Aber zurück zum Beispiel Cäsarea. Ein Teil der Einwohner sind Bosniaken, die aus Jugoslawien kamen (eine der Familien heißt Begovic und gehört zu derselben Familie wie der Präsident von Bosnien-Hercegovina, Izetbegovic) und sich hier als erste ansiedelten. Einige Jahre später kommen Kaukasier aus Rußland an. Diese beiden Gruppen kamen aufgrund von Verfolgungen hierher. Sie hatten keine nationalistischen Gefühle und freundeten sich rasch mit den Juden in der Umgebung an. Sie gaben sogar Ländereien an die Juden ab. Sie arbeiteten als Wächter und schützten die Felder der jüdischen Siedler. Loyalität ist ein Kernelement ihrer Mentalität. Bei meinen Interviews mit ihnen war es interessant zu beobachten, wie sehr sie es in Verlegenheit brachte, daß sie nichts von Widerstand gegen die Zionisten zu berichten hatten.

Trotzdem wurden diese Einwohner umgebracht.

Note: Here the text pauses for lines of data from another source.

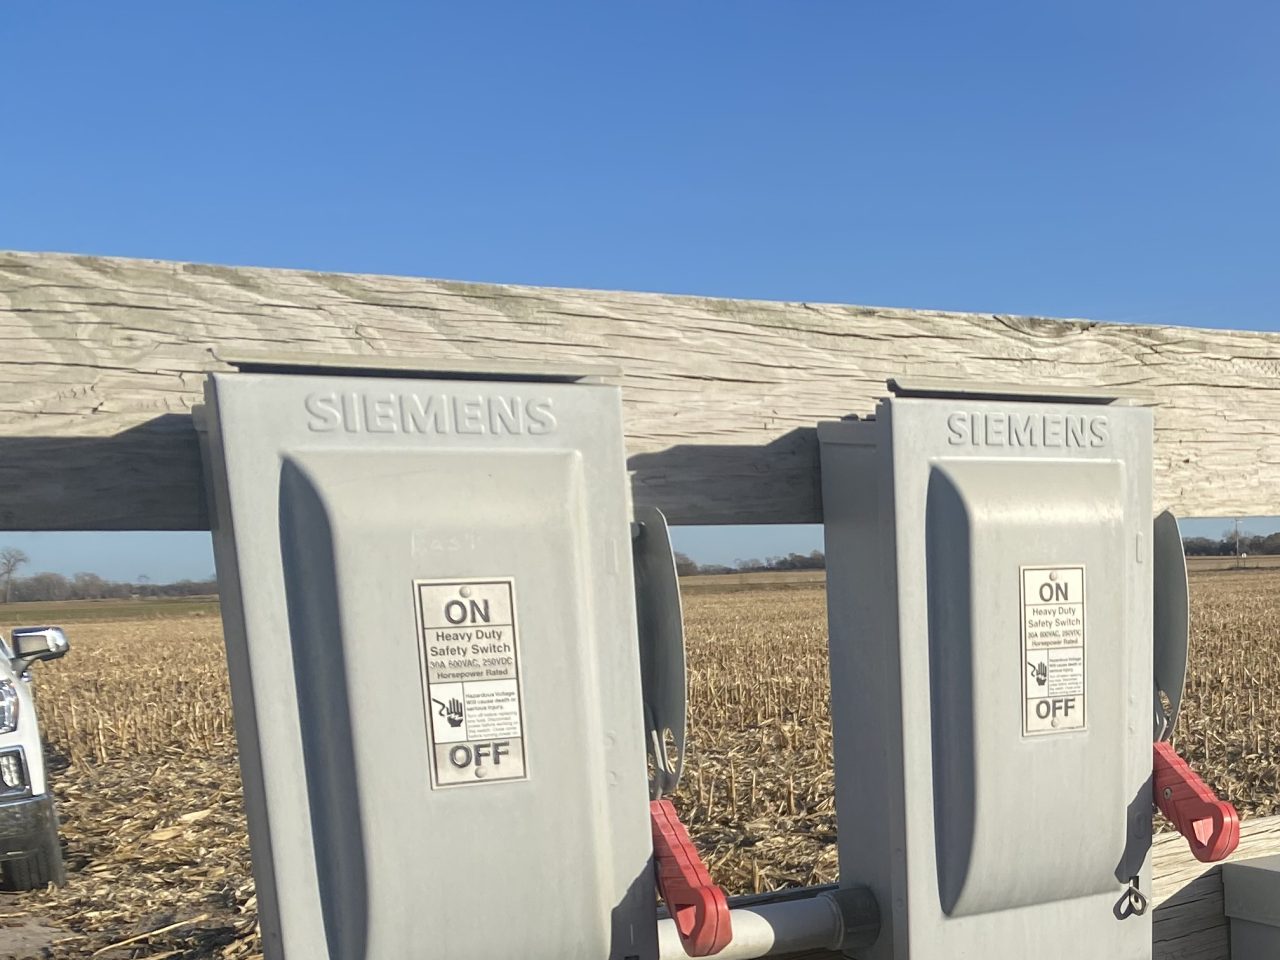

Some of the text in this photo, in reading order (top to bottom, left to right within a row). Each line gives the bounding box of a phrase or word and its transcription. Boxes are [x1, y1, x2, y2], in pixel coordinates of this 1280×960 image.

[304, 391, 559, 436] SIEMENS
[947, 410, 1111, 448] SIEMENS
[1039, 582, 1069, 603] ON
[444, 598, 491, 625] ON
[1032, 606, 1076, 617] Heavy Duty
[1028, 617, 1081, 629] Safety Switch
[435, 628, 503, 643] Heavy Duty
[430, 642, 511, 658] Safety Switch
[437, 668, 509, 680] Horsepower Rated
[1036, 698, 1076, 720] OFF
[449, 741, 510, 769] OFF

In Deir Yassin wiederholt sich das Schema, und das ist eines der Probleme von Deir Yassin, dessen Bewohner auch enge Beziehungen zu den Siedlern von Giv'at Schaul unterhielten. In den beiden Dörfern Quireh und Abu Zreik ereignete sich ebenfalls ein Massaker. Oder das Dorf Tanttura, wo das Massaker "vor kurzem entdeckt" wurde. Das Wort "entdecken" wird zwar öfter benutzt, in Wirklichkeit handelt es sich aber nicht um Entdeckungen, denn es gab Personen, die schon früher davon gesprochen hatten.

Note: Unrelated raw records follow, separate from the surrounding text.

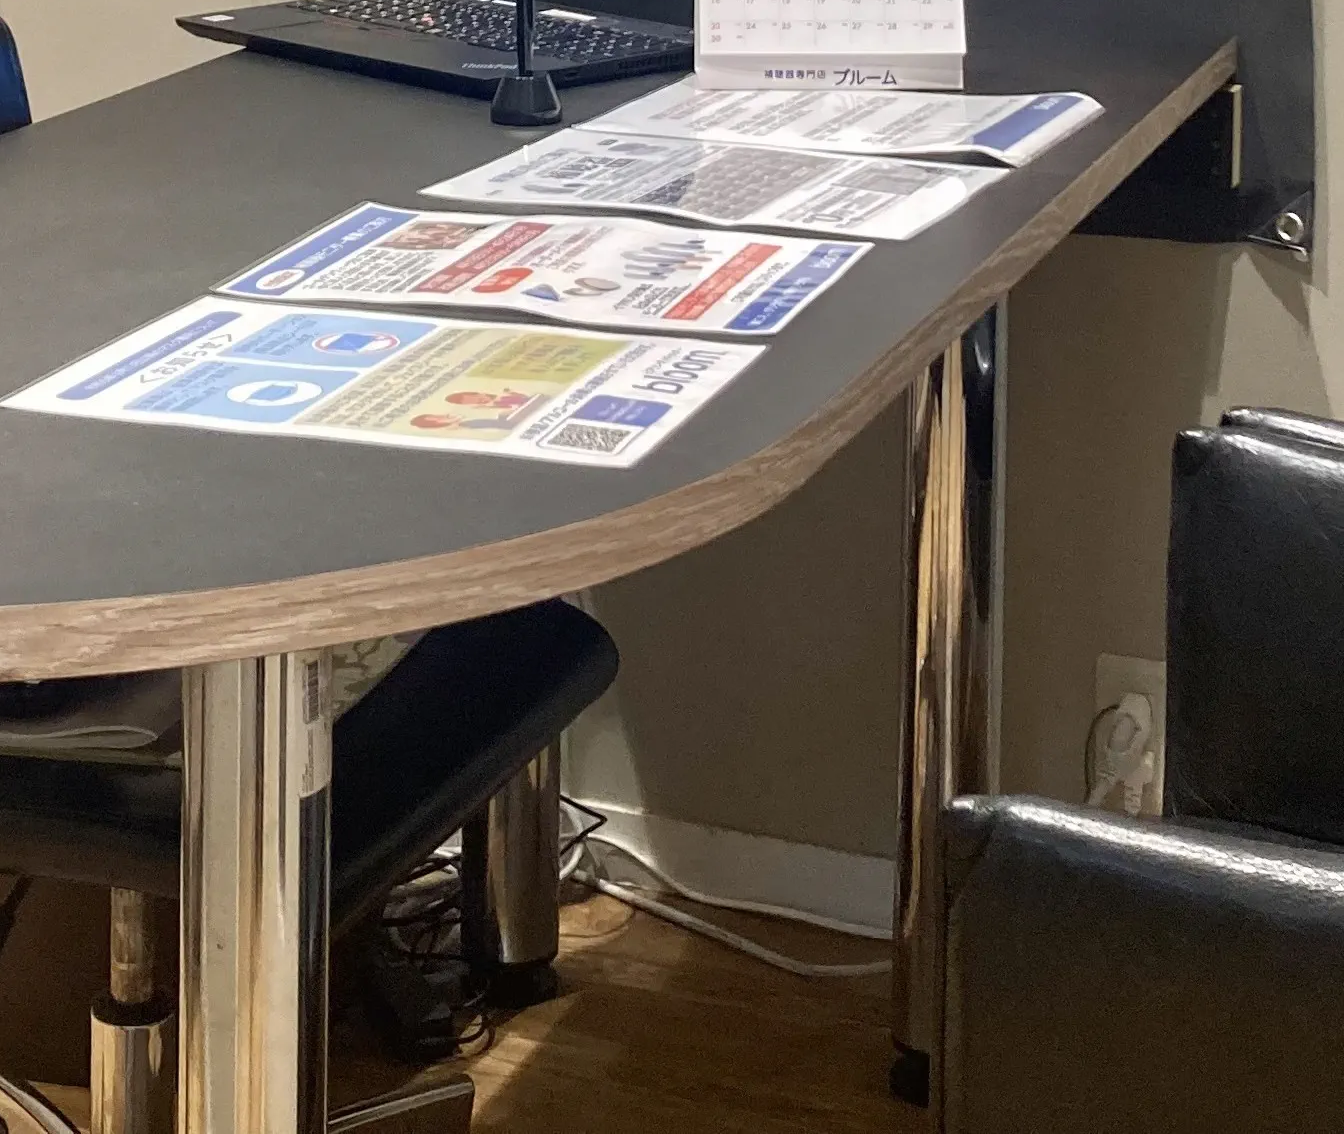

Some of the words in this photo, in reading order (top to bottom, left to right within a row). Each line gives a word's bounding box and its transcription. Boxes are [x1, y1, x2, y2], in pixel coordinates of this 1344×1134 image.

[833, 68, 897, 86] ブルーム
[632, 350, 729, 394] bloom
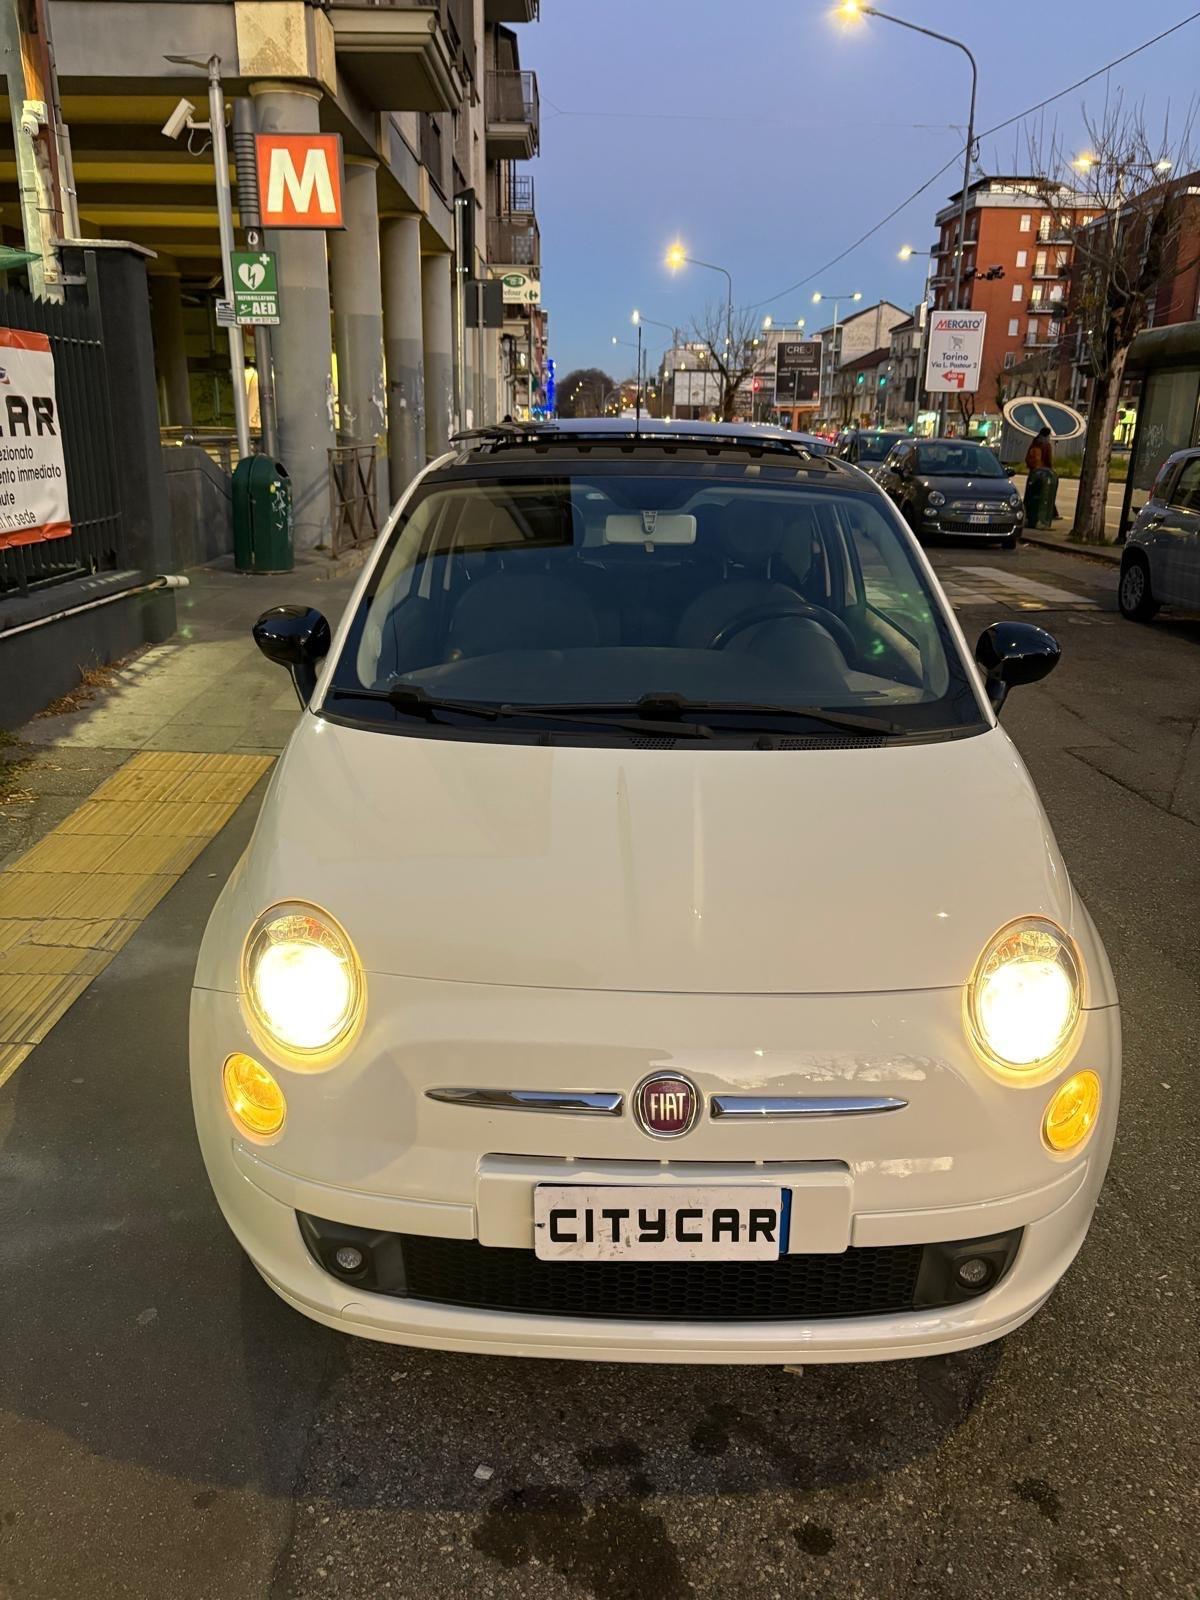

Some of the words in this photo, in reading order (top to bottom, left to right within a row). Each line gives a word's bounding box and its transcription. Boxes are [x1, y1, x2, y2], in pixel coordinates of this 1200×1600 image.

[267, 149, 336, 213] M
[252, 302, 276, 315] AED
[942, 352, 968, 361] Torino
[0, 395, 56, 436] AR
[17, 464, 61, 482] immediato
[3, 513, 15, 527] in
[14, 509, 36, 525] sede
[650, 1093, 686, 1120] FIAT
[550, 1209, 777, 1242] CITYCAR

In den beiden Dörfern Quireh und Abu Zreik zum Beispiel pflegten die Bewohner freundschaftliche und wirtschaftliche Beziehungen mit den Israelis. Letztere haben sogar zwei Kollaborateure ins Dorf gesetzt, damit sie die Bevölkerung zu Angriffen gegen die israelische Siedlung anstachelten, um einen israelischen Gegenangriff zu rechtfertigen. Aber die Dorfbewohner gaben sich dazu nicht her. Was haben die Juden also gemacht? Zwei Siedler werden ins Dorf geschickt und schießen von dort auf die jüdische Siedlung. Somit gibt es am folgenden Tag ein Massaker. Die Informationen zu diesem Fall bekam ich von Iyal Ofeq, der im benachbarten Kibbuz Hazoreia' arbeitete und den ganzen Vorgang erklärt hat. Deir Yassin, Cäsarea, Quireh, Abu Zreik, Tanttura - aus diesen fünf Beispielen ergibt sich eine wichtige Erkenntnis.

Was ist daran wichtig? Das beweist meines Erachtens, daß für die Palästinenser, selbst wenn sie 1948 den Teilungsplan akzeptiert hätten, die Vertreibung auf jeden Fall vorgesehen war.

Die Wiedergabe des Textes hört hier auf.